The inventor claimed as the distinguishing feature of his improved pad an impervious bearing surface of vulcanized rubber or gutta-percha. The principal advantage claimed for this bearing surface was not only that it protected the stuffing of the pad from animal exudations, and remained clean, smooth, and soft, but also that the effect of the vulcanized rubber surface was to prevent galls upon the back of an animal working under one of these pads, and that the sulphur used in the process of vulcanization had certain curative properties when the pads were used upon horses or mules whose backs had become galled when working under other pads. His claim was for an improved pad for harness-saddles, the distinguishing feature of which is an impervious bearing surface of vulcanized rubber combined with the other portions of the pad, substantially as set forth in his specification.

The answer of the defendant puts in issue the novelty of the invention, and gives the names and residences of five different parties alleged by the defendant to have used and sold the substantial and material parts, claimed as new, before the invention thereof by the complainant's assignor.

The evidence in the record only proves the manufacture and use by the persons specified, or some of them, of a saddle pad constructed substantially in the same manner as those described in the complainant's specification, with a bearing surface of material other than vulcanized rubber or rubber-cloth.

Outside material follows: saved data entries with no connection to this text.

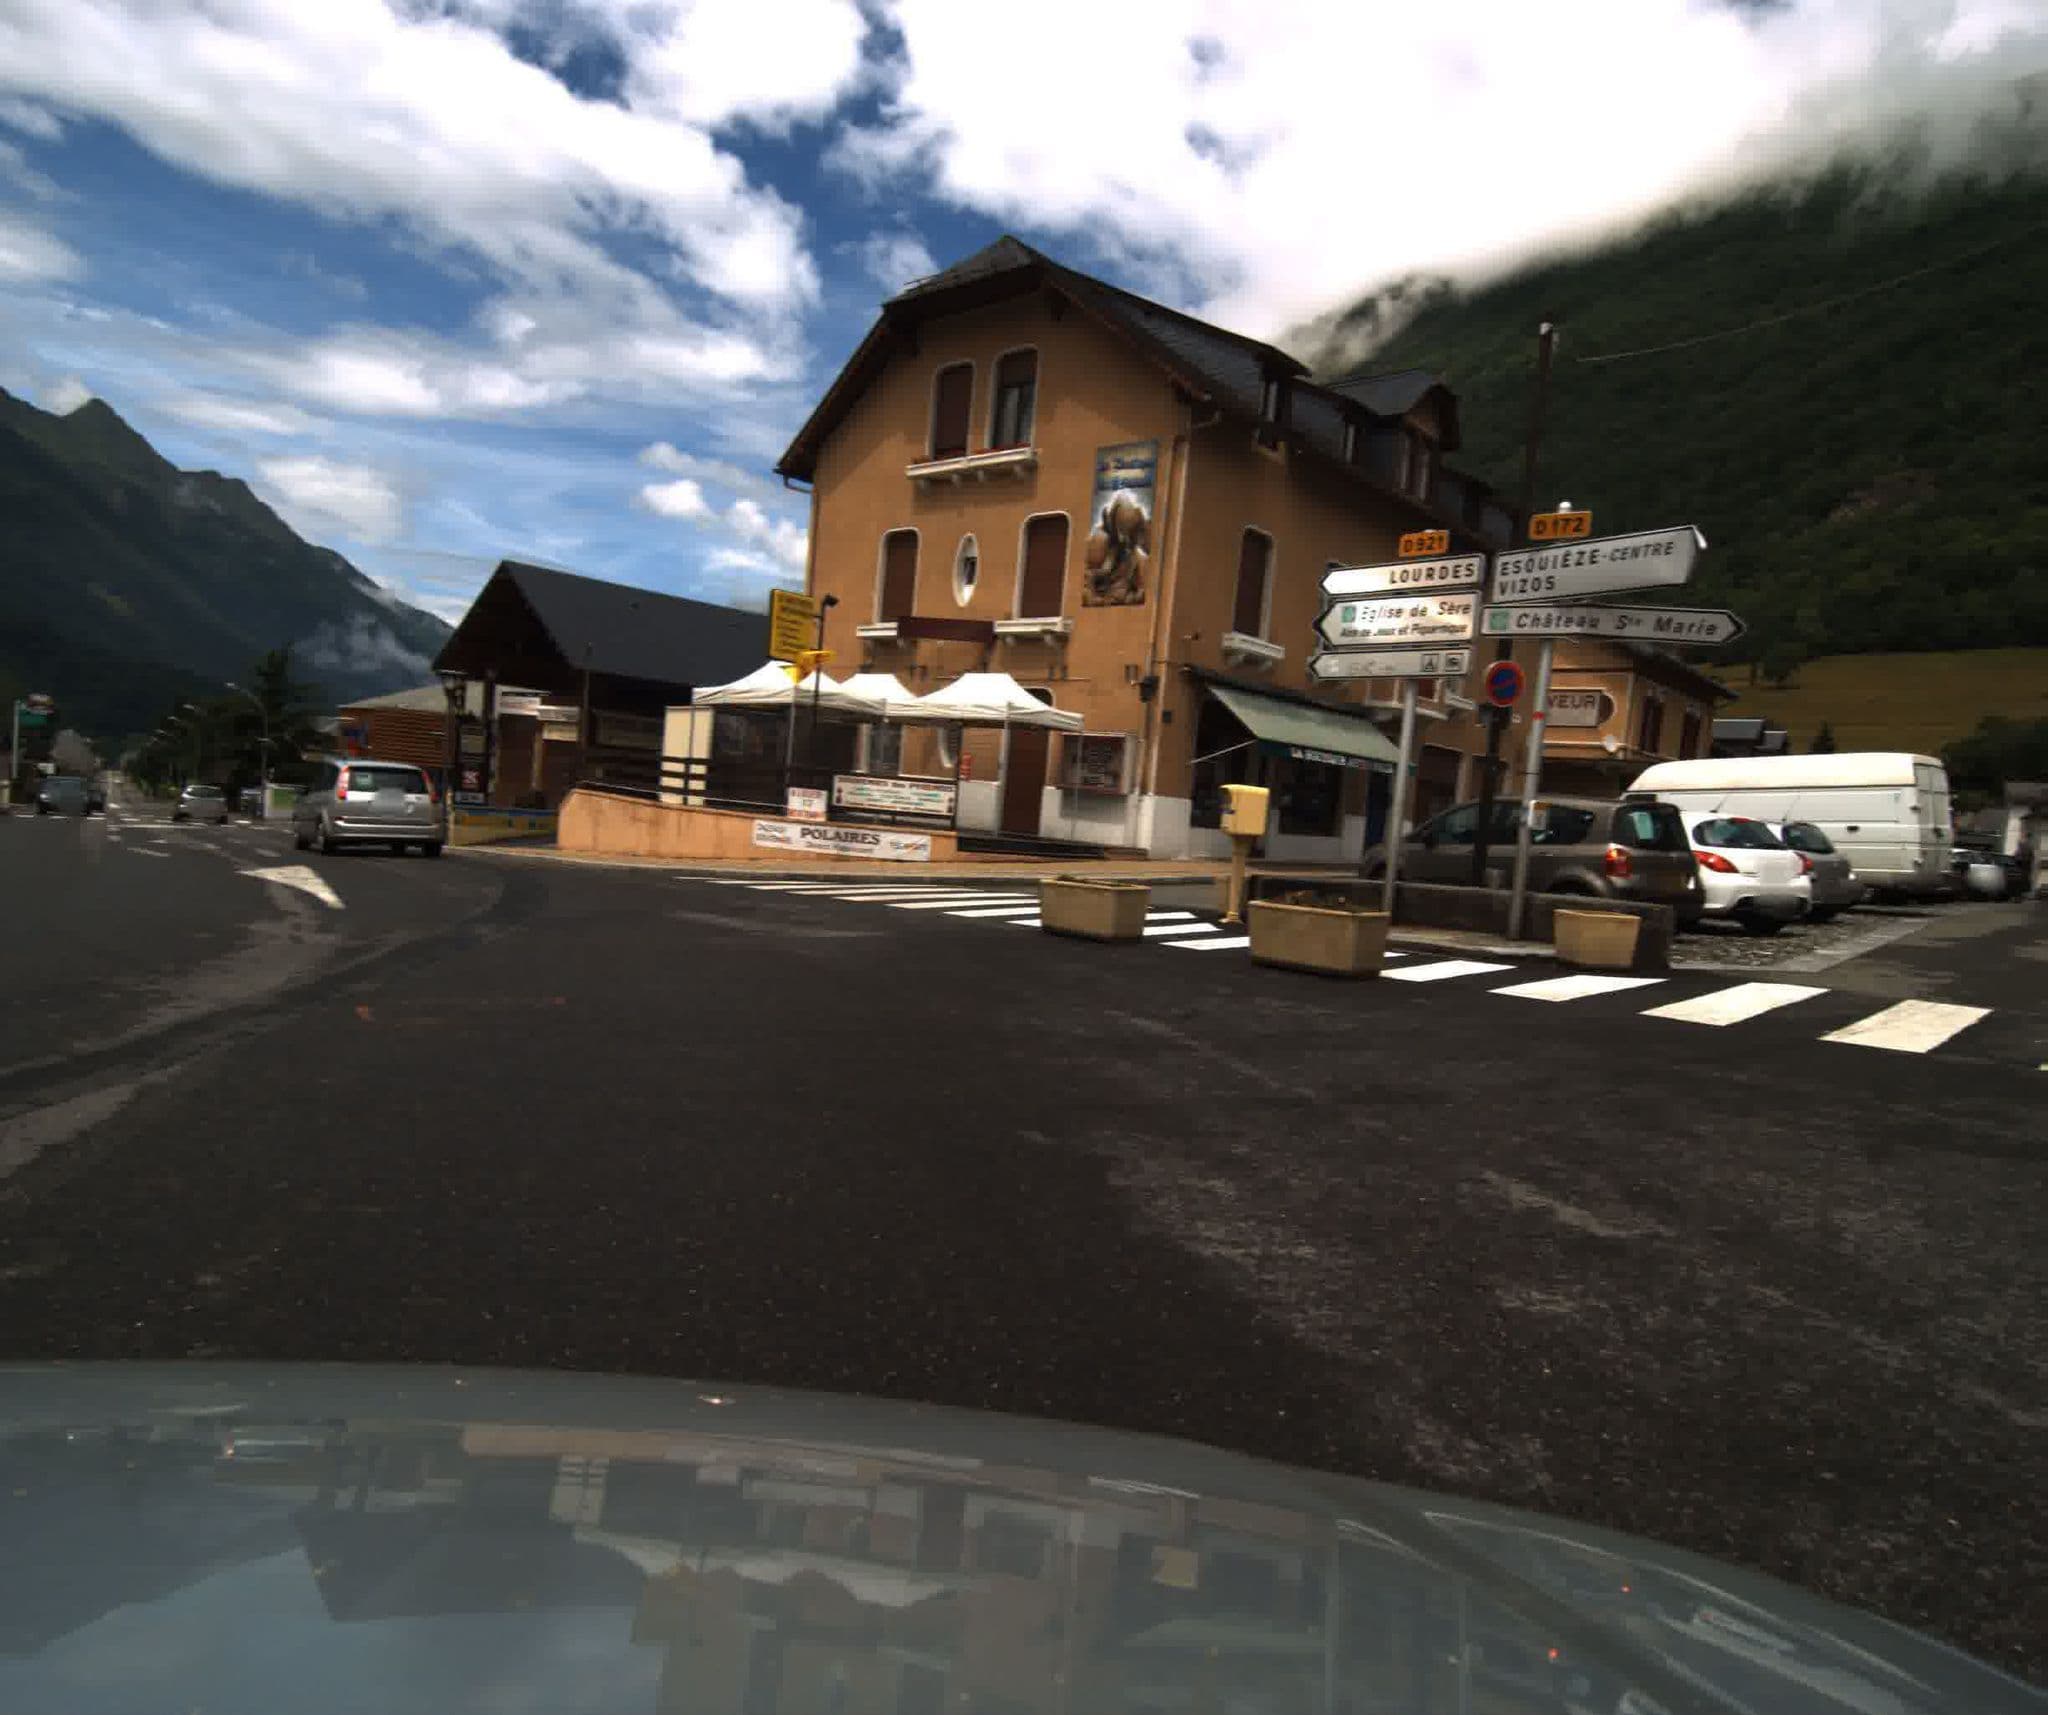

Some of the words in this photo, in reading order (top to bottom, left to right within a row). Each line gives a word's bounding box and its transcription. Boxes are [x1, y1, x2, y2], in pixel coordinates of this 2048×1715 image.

[1390, 562, 1475, 585] LOURDES
[1500, 575, 1556, 597] VIZOS
[1410, 603, 1428, 618] de
[1516, 612, 1600, 630] Château
[1652, 616, 1719, 637] Marie
[800, 827, 881, 846] POLAIRES

This evidence does not affect the novelty of the invention claimed by Sturges, the distinguishing feature claimed for which was the combination, with such pads as were previously made, of a new impervious bearing surface of vulcanized rubber.

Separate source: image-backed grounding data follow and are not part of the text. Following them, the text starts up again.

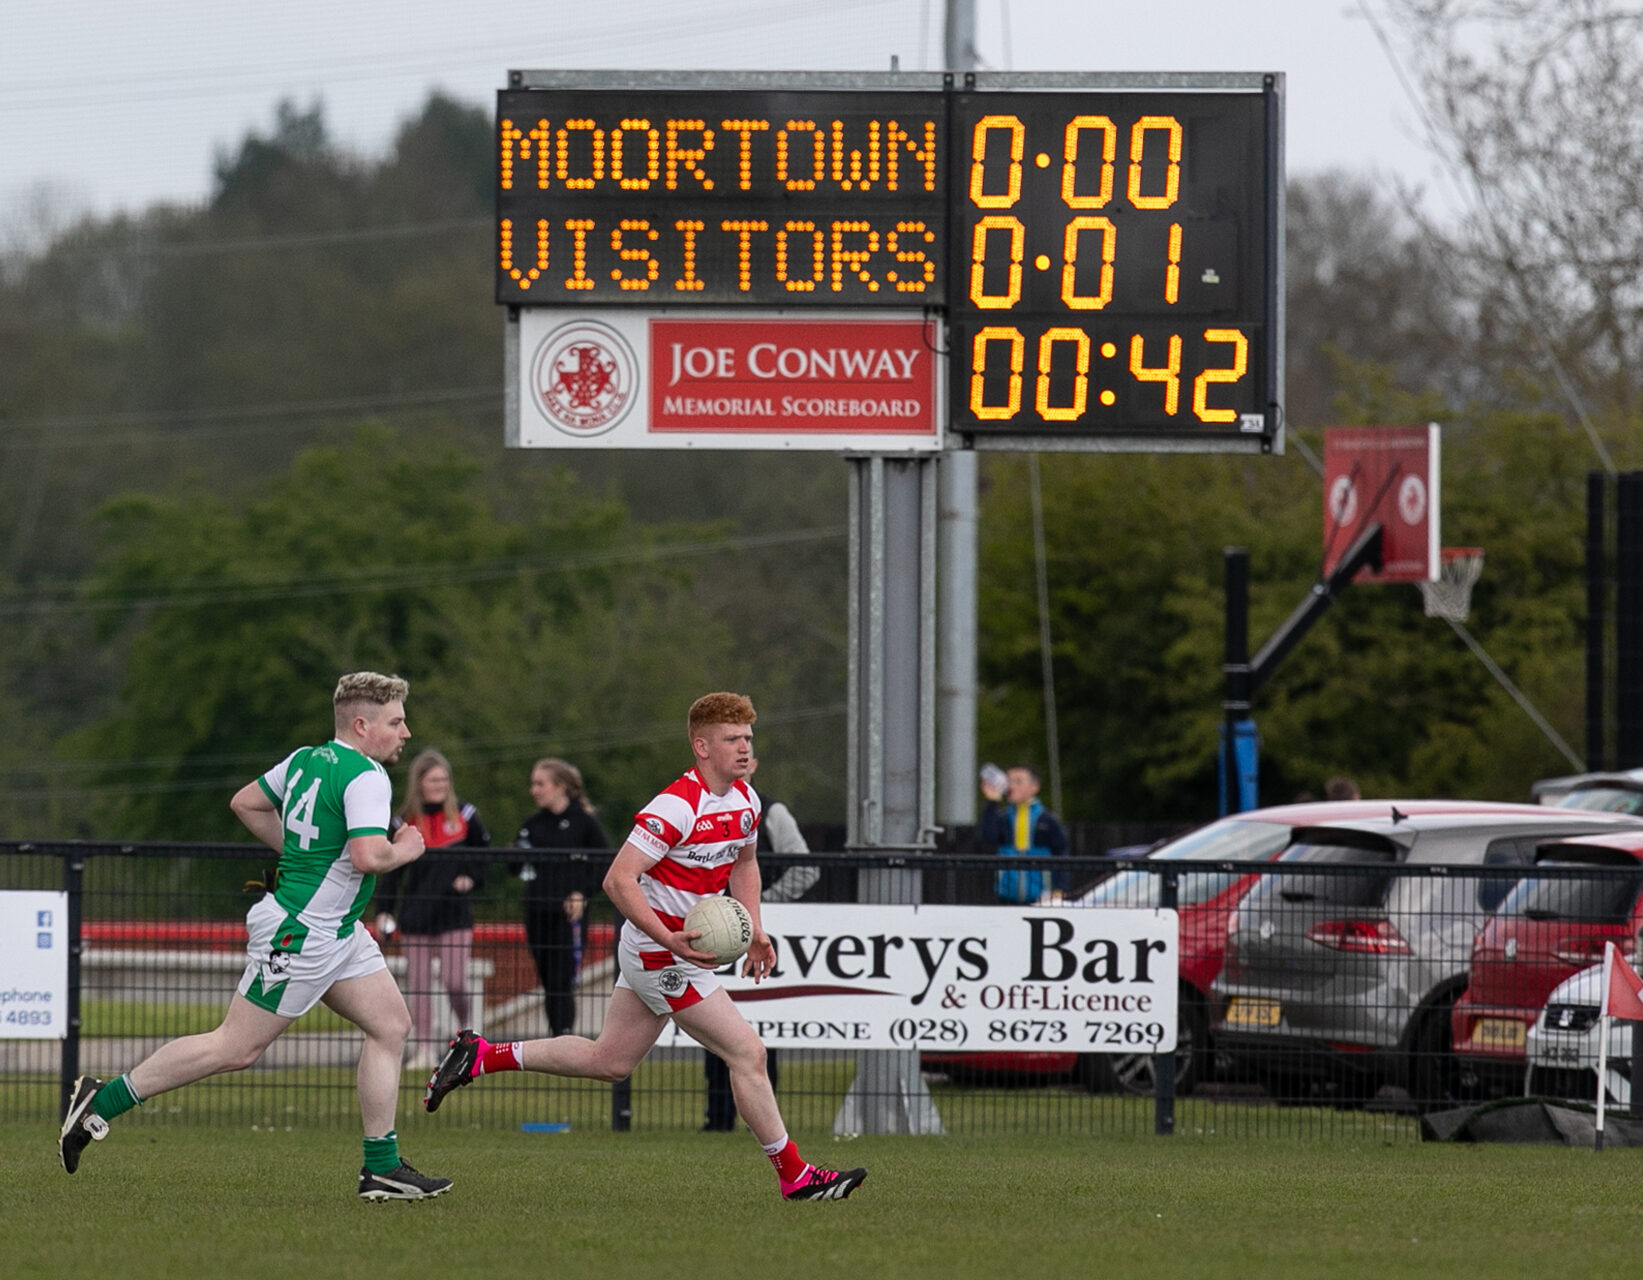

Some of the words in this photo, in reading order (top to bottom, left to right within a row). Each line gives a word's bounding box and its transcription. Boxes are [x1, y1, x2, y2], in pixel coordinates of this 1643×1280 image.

[500, 118, 936, 192] MOORTOWN
[500, 218, 936, 292] VISITORS
[669, 343, 736, 385] JOE
[747, 343, 920, 379] CONWAY
[969, 326, 1249, 423] 00:42
[663, 396, 776, 416] MEMORIAL
[781, 396, 920, 417] SCOREBOARD
[281, 768, 322, 851] 14
[722, 822, 730, 838] 3
[1022, 917, 1167, 984] Bar
[0, 987, 52, 1006] phone
[940, 984, 967, 1010] &
[979, 984, 1152, 1013] Off-Licence
[889, 1018, 969, 1045] (028)
[988, 1020, 1068, 1043] 8673
[1085, 1021, 1165, 1044] 7269

Letters-patent of the United States, granted to William Leonard on the third day of September, 1867, have been introduced in evidence, and are admissible as showing the state of the art prior to Sturges's invention.

718

Their competency for any other purpose is objected to by the complainant, defendant not having given any notice in the answer that he should rely upon these letters-patent, or the invention described therein, as showing prior knowledge or use.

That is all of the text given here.